One issue I’ve heard from F# devs was the lack of ability to comfortably call C# asynchrony methods

neonsunset · 2024-10-08T19:29:15 1728415755

> One issue I’ve heard from F# devs was the lack of ability to comfortably call C# asynchrony methods

This is no longer the case starting with F# 6: https://learn.microsoft.com/en-us/dotnet/fsharp/whats-new/fs... C# and F# can now transparently interoperate using the same main Task<T> type (in the past, this was done via community libraries for C#->F#, and F#->C# was always possible with |> Async.AwaitTask).

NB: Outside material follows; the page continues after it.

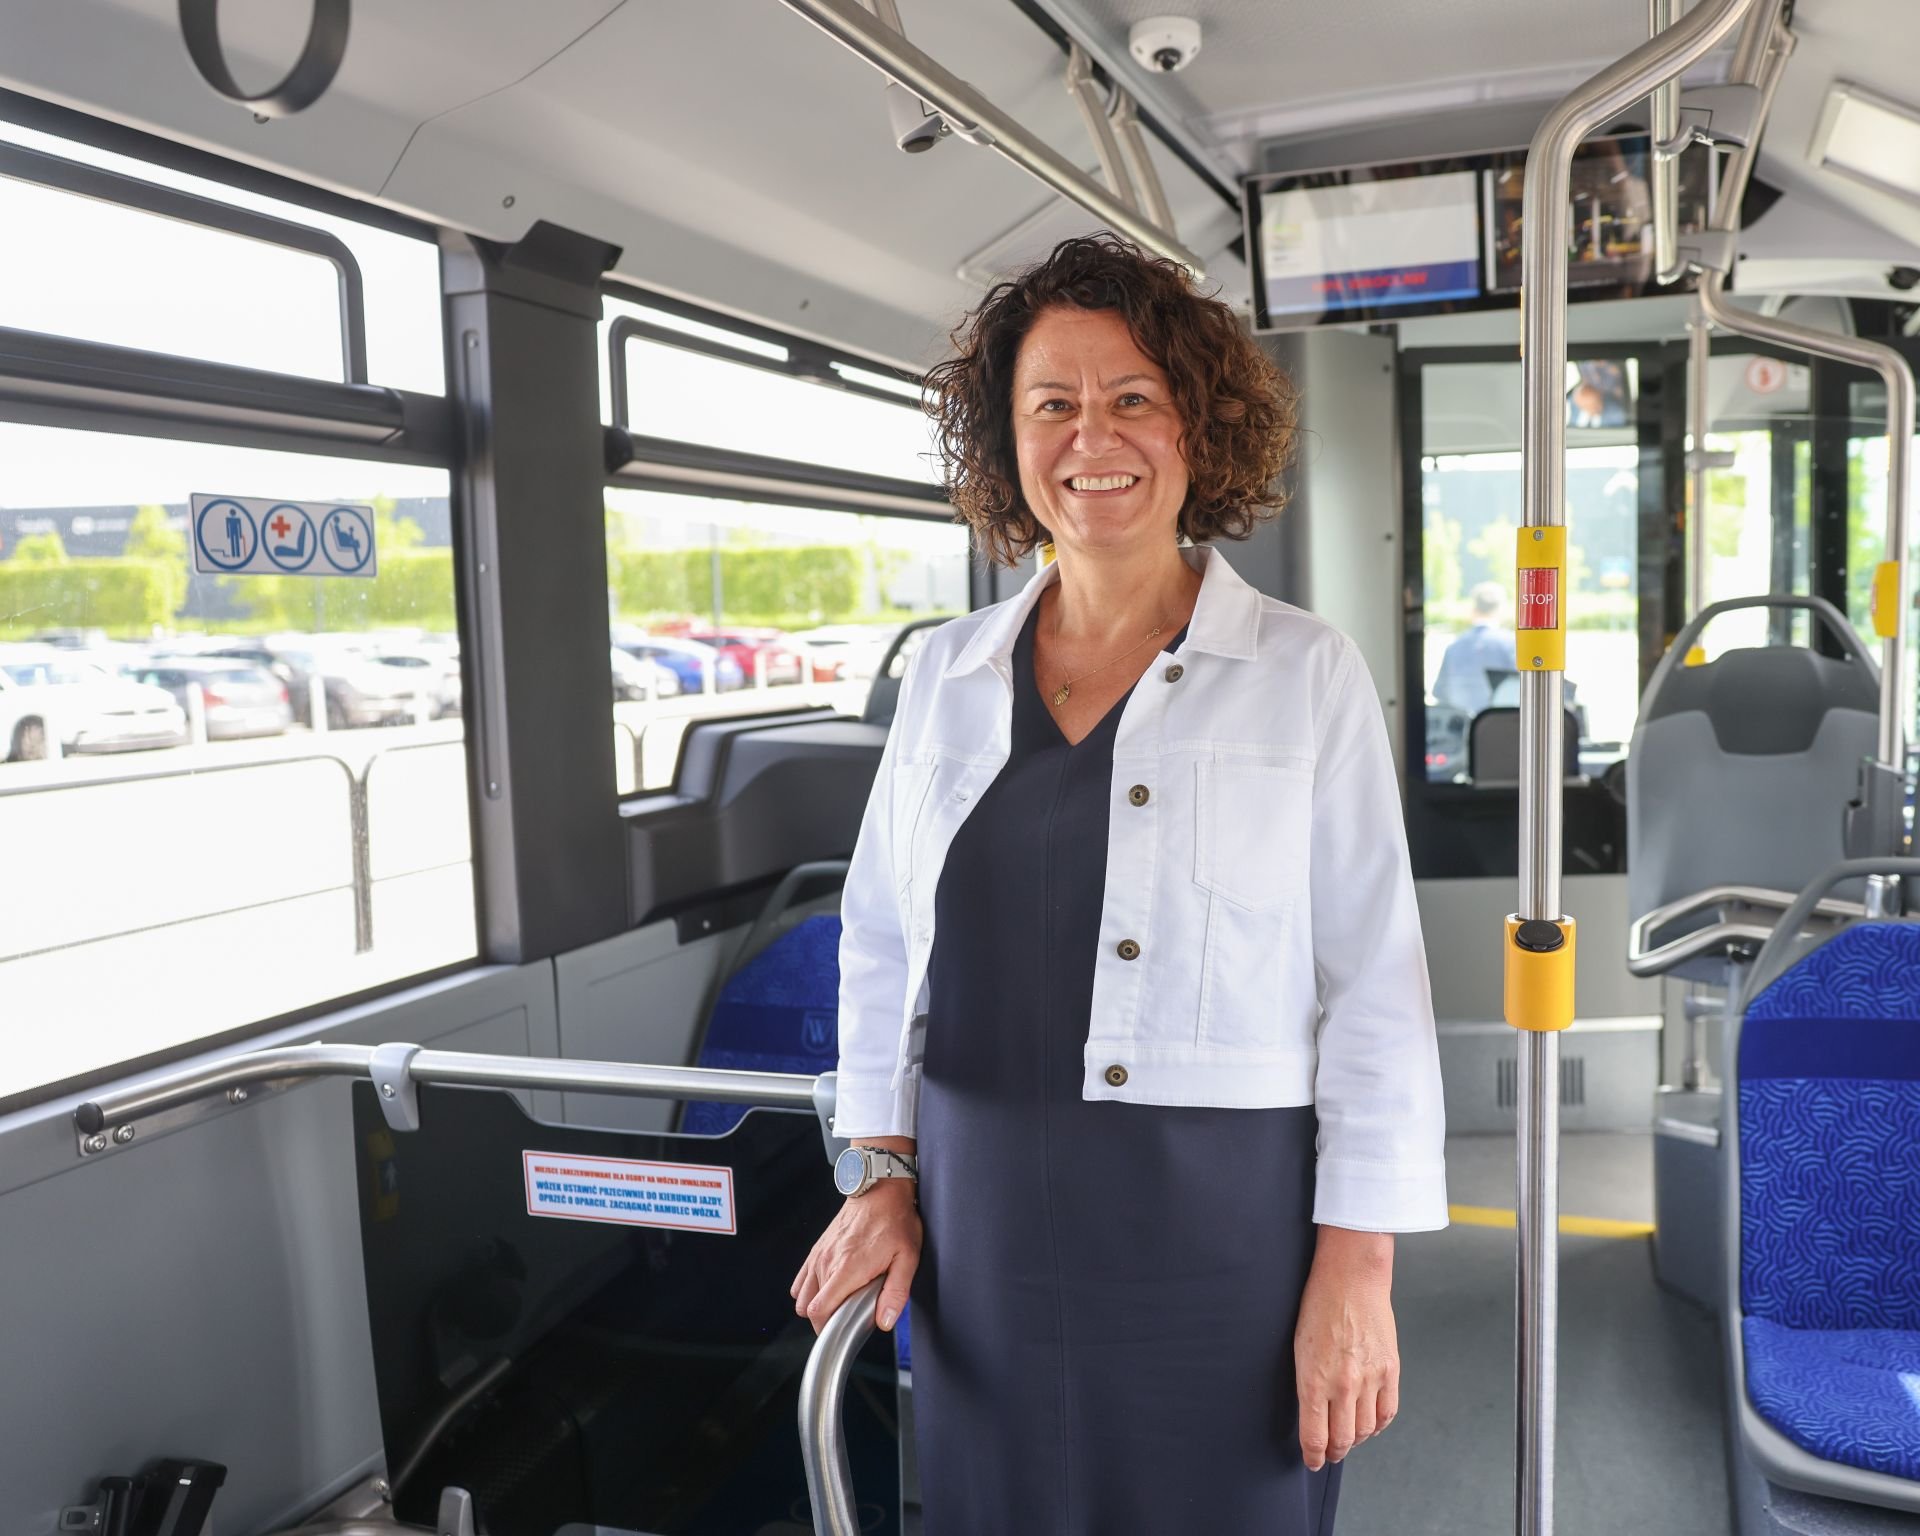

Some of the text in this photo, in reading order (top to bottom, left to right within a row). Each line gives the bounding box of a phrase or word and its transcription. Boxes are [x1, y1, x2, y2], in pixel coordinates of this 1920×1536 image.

For advanced usage scenarios, there also exist https://github.com/fsprojects/FSharp.Control.TaskSeq and https://github.com/TheAngryByrd/IcedTasks

> Would the async experiment also imply better interop between .NET languages?

This is a good question. If a language already uses Task<T> and ValueTask<T>, the interop is already a solved problem (like with F#). However, this could allow to completely remove or at least significantly simplify the implementation for emitting state machines / resumable code / coroutines for asynchronous methods for any language that targets .NET 10+ (it will most likely get into 10 but is not guaranteed yet from what I've heard).

For example, a guest language could simply choose to emit calls to async methods with special modreq(?) attribute and the runtime would handle suspension, creating the closure for the state captured by asynchronous continuation and then subsequent resumption without any additional work of that guest language to be async-compatible. You could likely even write that by hand in IL with ILAsm. This is a significant improvement for a .NET as a hosting platform, and arguably makes it better than JVM at some high-level scenarios (because for low-level it already supports almost the entirety of what is expressible with C plus struct generics, and for FP it supports tail. prefix for call* opcodes for mandatory tailcalls required by recursive functions).

And for those in the camp of "function coloring considered harmful" (which I'm not a fan of but to each their own), you could even have a guest language that completely hides the fact that it performs such async calls underneath.